Utah Lowers Blood Alcohol Content Level (BAC) for Drivers to 0.05 – Will Other States Follow Their Lead?
With some of the nation’s strictest alcohol laws already on the books, Utah doubles down by lowering the threshold for motorists that can be charged with driving while under the influence.
On December 30, 2018, HB155 went into effect, decreasing the legal blood alcohol level (BAC) for drivers from 0.08 percent to 0.05 percent.
What Factors Affect Blood Alcohol Content (BAC)?
To get a picture of what exactly that looks like, a 160-pound man can reach 0.05 BAC with just three alcoholic drinks consumed in less than an hour.
For women, it can take even fewer drinks in the same time to reach Utah’s new legal limit for being intoxicated behind the wheel.
Alcohol affects each person differently, and some of the factors that determine blood alcohol content include:
- Rate of consumption
- Amount of food eaten before or during drinking
- Strength of the drinks
- Mixing medications while drinking
- Amount of body fat or muscle
- Alcohol tolerance
- Health conditions
“Policymakers in other states should follow Utah’s lead to reduce alcohol-related deaths and Congress should incentivize these changes,” writes Stephanie Morain, an assistant professor at the Center for Medical Ethics and Health Policy at Baylor College.
She is also the lead author on a study about the ethics of changing the national BAC standard.
Morain and others, like the bill’s sponsor, Utah State Rep.
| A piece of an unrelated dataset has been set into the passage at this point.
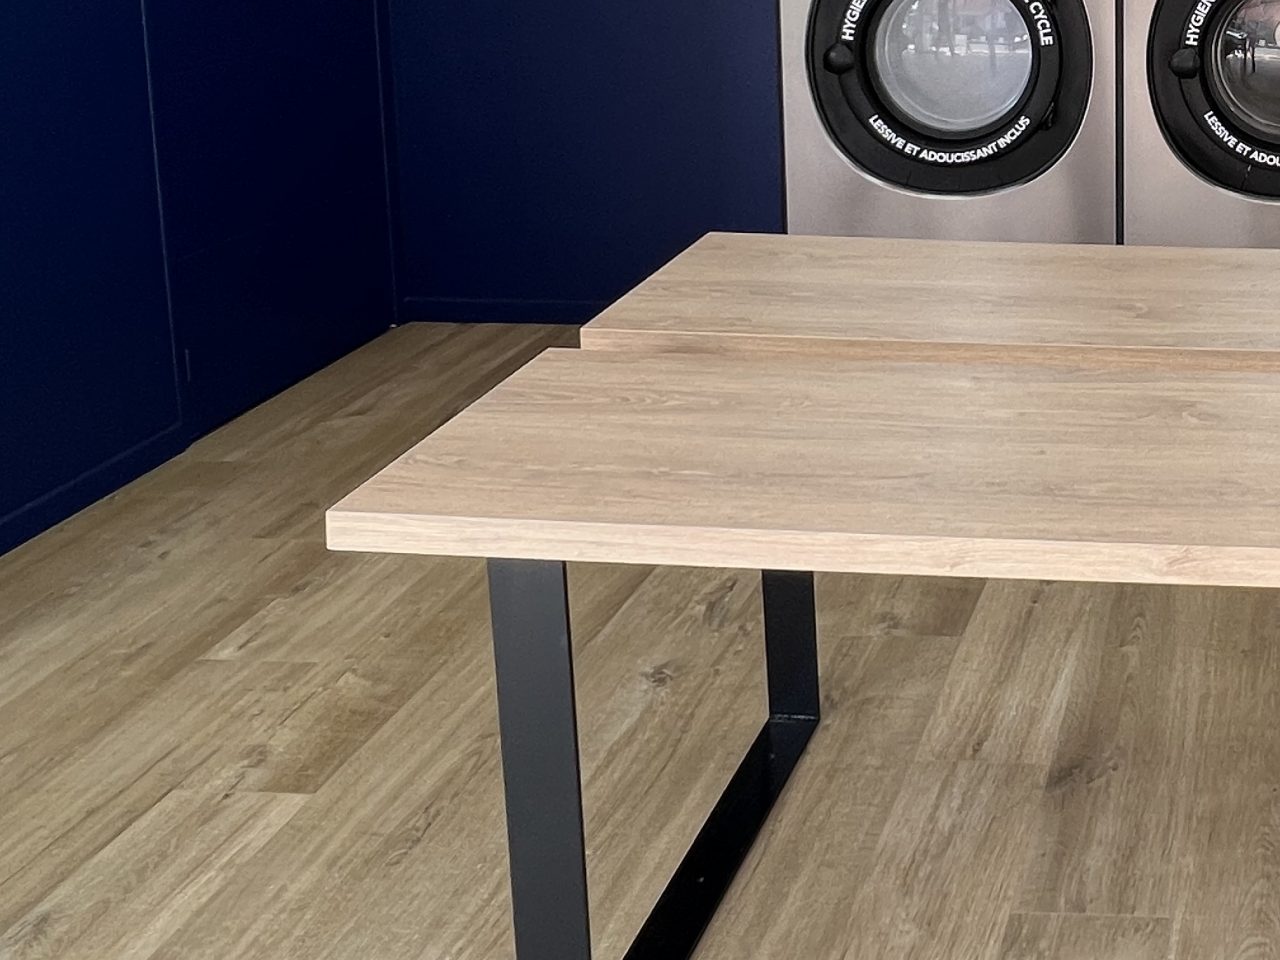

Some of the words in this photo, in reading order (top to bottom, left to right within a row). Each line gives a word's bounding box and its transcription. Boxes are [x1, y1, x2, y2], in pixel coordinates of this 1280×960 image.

Norm Thurston, a Republican, point to the still dire drinking and driving related statistics.
Drinking and Driving Statistics
According to Mothers Against Drunk Driving (MADD), some of these stats include the following:
- Nationwide, people drive while intoxicated around 300,000 times a day, but only an estimated 2,800 arrests for DUI are made
- Up to 75 percent of convicted drunk drivers continue to drive on suspended licenses
- Around 800 people a day are injured in alcohol-related car crashes
- 15 percent of all drivers involved in fatal crashes during the week were drunk, compared to 28 percent on weekends (data from 2017)
- Two out of every three people, on average, will be involved in an alcohol-related crash in their lifetime
- 10,874 people, in 2017, died as a result of alcohol-related crashes. That’s one person every 48 minutes
Arguments For and Against Changing the Legal Drinking and Driving Limit
There are, of course, critics of Utah’s BAC legislation that feel the new law infringes on a people’s individual freedoms and that the state is criminalizing even moderate, responsible alcoholic consumption.
Advocates of the 0.05 BAC, however, aren’t buying that argument.
“A person can still drink as much as they want, just not get behind the wheel,” Morain said in an interview with The Salt Lake Tribune. “Our society has made it increasingly easy to find a safe ride home through ride-share applications and other resources.”
Sgt. Nick Street with the Utah Highway Patrol told NPR that he’s already seen a change in drunk driving behavior due in part to ride-share apps, like Lyft and Uber.
“I think people are making better decisions on the front end of a night,” Street said.
Another key statistic, according to MADD, is that about a third of drivers convicted of drunk driving are repeat offenders.
Continued DUI violations or alcohol associated run-ins with law enforcement is a strong indication that a person might be struggling with alcohol dependence or is need of alcohol rehab for alcoholism.
Under age drinkers, 16 to 20 years old are particularly susceptible to DUI incidents.
The Centers for Disease Control and Prevention (CDC) reports that under age drinkers are 17 times more likely to die in a car crash when they have a BAC of 0.08 percent than when they have not had a drink.
Utah Leads the Charge Against Drinking and Driving
Utah is taking action to reduce the number of alcohol-related fatalities that occur behind the wheel.
It’s not the first time the state has led the charge either.
In 1983, Utah became the first state to reduce the legal limit from 0.10 percent to 0.08, a move that took about 20 years for every other state to follow.
By the time the legal limit had been reduced across the country, traffic deaths due to driving under the influence of alcohol had decreased by 10 percent.
Delaware, Hawaii, New York, and Washington state have all considered lowering the legal drinking and driving limit in the past, but to date, none of them have implemented it.
Whether or not states will be quicker to follow Utah’s latest move is yet to be seen, but at least the bill’s sponsor has a very clear view of the new law.
“People have a fundamental right to freedom and liberty,” Rep. Thurston said in an interview, “until it starts to affect the health, safety and welfare of people around you.”